Spots, bands and peaks. Readers could be forgiven for being hard pressed to make a connection but, to the up-and-coming biologist, resolving spots and bands on polyacrylamide gels and reading peaks from a mass spectrophotometer lie at the heart of high-throughput biology. Technology and robotics lead the protein-biology revolution and, as quantity gains credence, biologists must take control of the avalanche of information being presented.

Proteomics is defined as the identification and quantitative expression analysis of every protein encoded by a genome, characterizing protein–protein interactions and assigning these protein complexes with function. Biologists have undertaken large-scale screens to identify every protein expressed on a single chromosome and determine the complement of proteins that defines a complete biological process. But in the rush, the golden rules of biology that allow for easy comparison, exchange and verification of data are being overlooked.
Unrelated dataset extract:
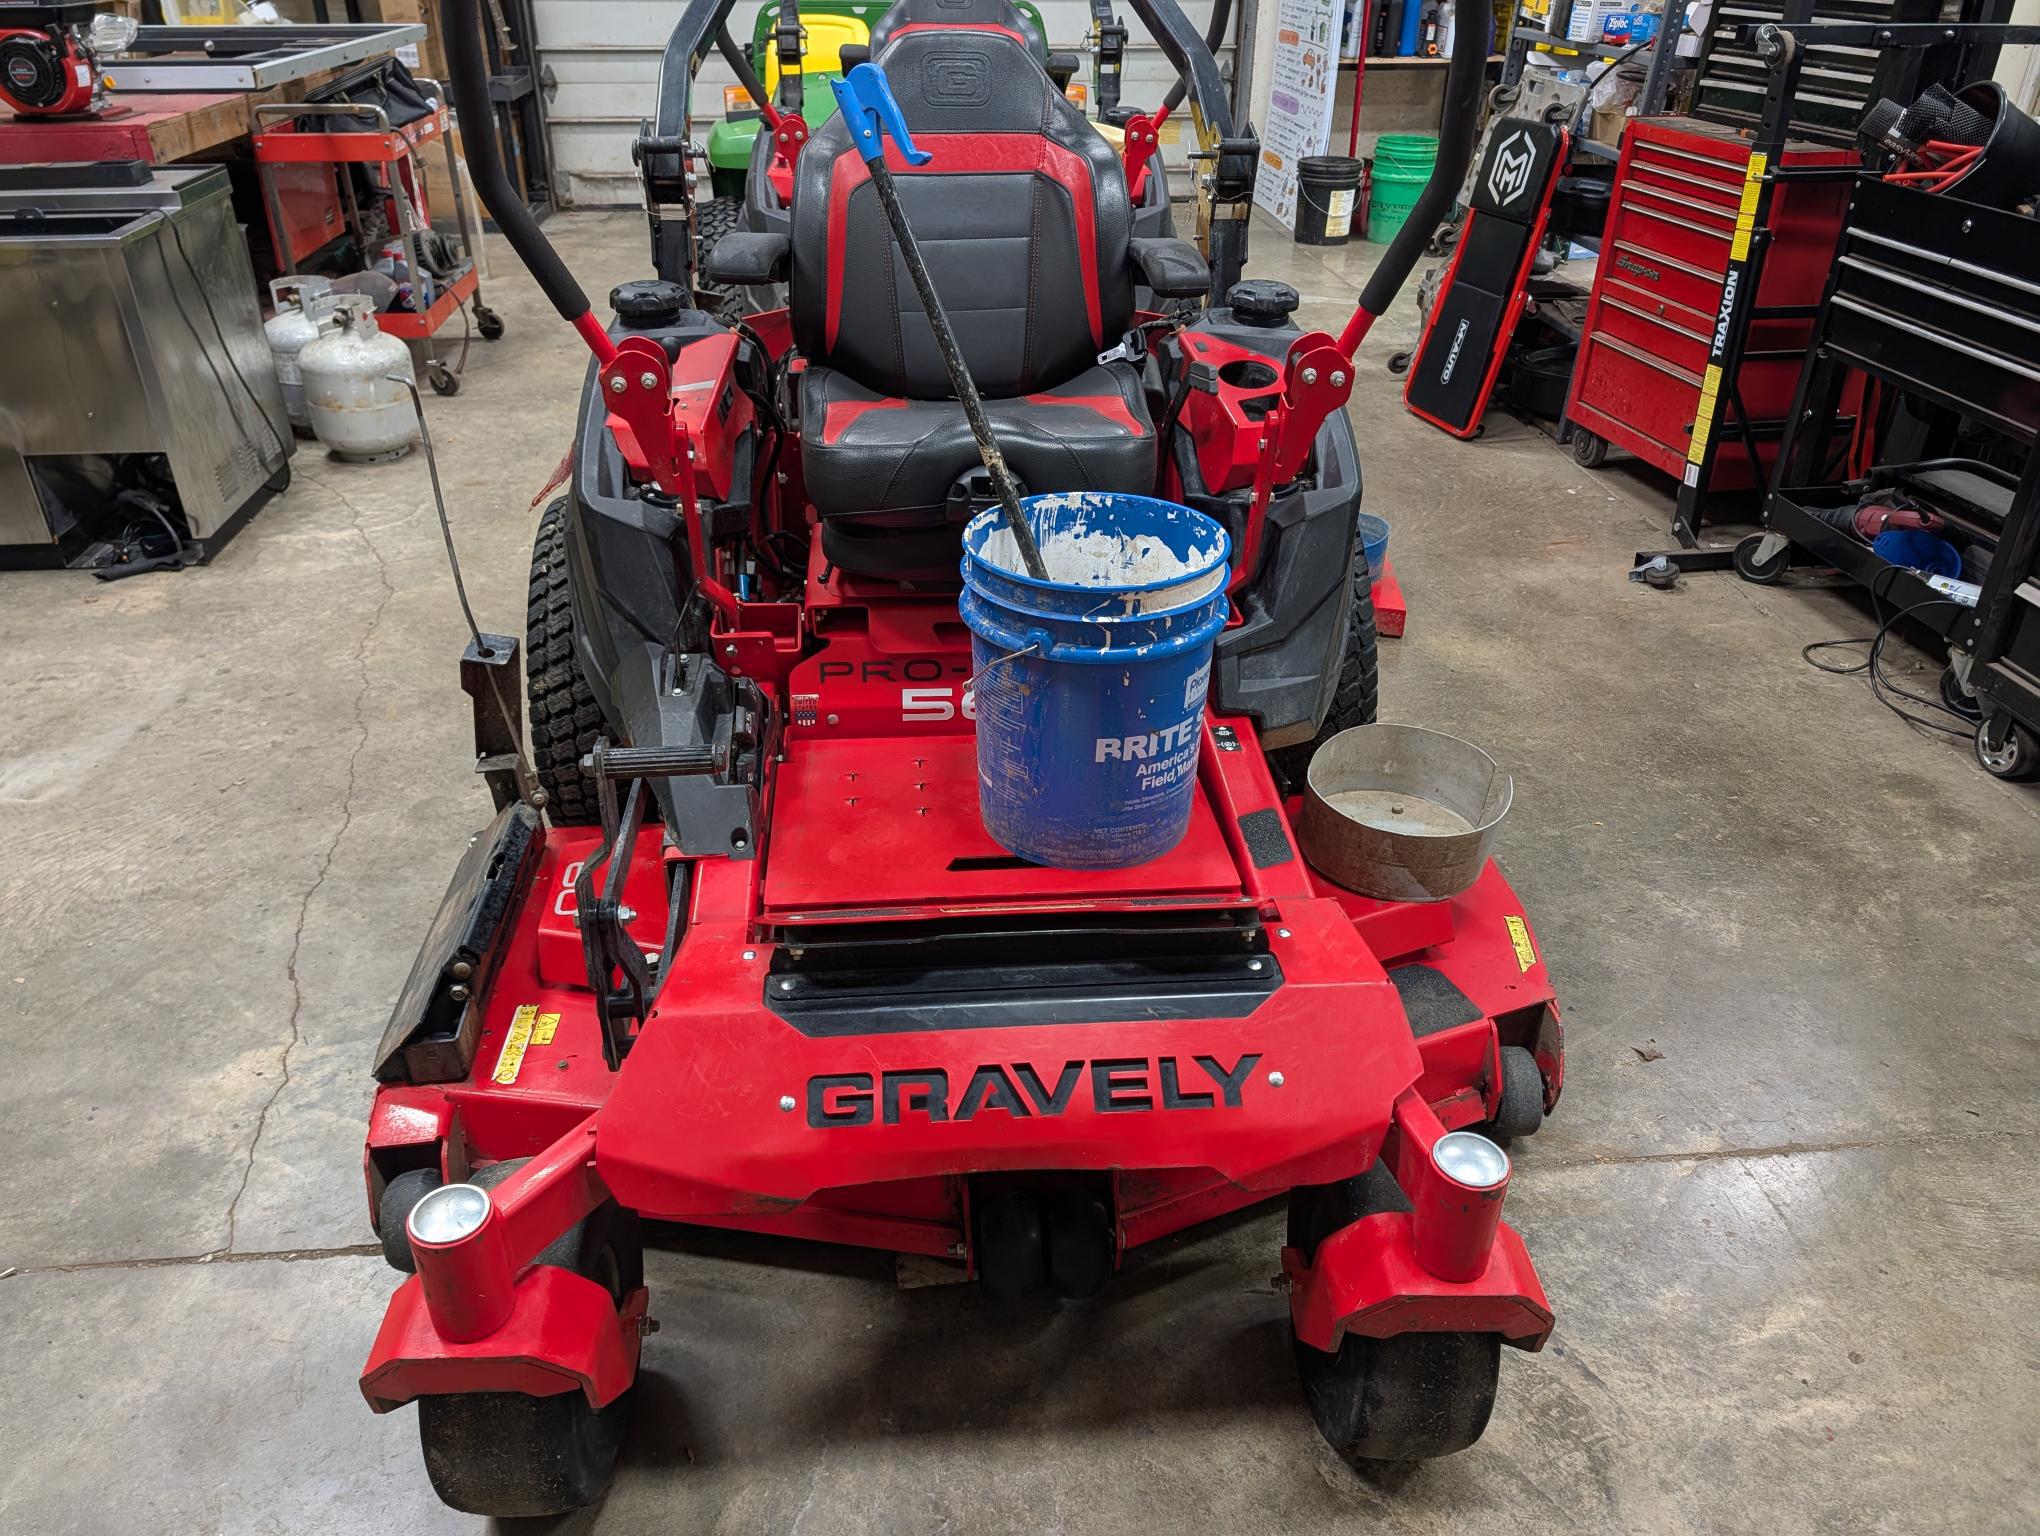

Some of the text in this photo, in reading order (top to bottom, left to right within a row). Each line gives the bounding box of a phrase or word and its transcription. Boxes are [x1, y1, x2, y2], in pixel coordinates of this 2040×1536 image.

Hordes of data have been analysed, but it is difficult to compare data sets because they are derived under different conditions, presented in different formats and benchmarked against different reference sets. This information must be accommodated in 'interoperable' repositories, and many databases are being set up for this purpose. This requires distributed databases from the outset that include common machine-readable tags for the species, strain or tissue used, say. By agreeing a minimal set of common standards, the proteomics community will ensure that their many databases can communicate with each other in the same language, and be queried as if they were a single resource.

In April this year, the Human Proteome Organisation founded the Proteomics Standards Initiative (http://psidev.sourceforge.net), which aims to define the standards required. This will be a huge challenge, not least because, as one computer scientist once quipped, “standards are so important that everyone wants their own”. But if the full promise of proteomics is to be realized, the community and the bioinformaticians that service it need to pay more attention to the often thankless task of standard setting. Only then will it be possible to find order in the labyrinth of biomolecular networks.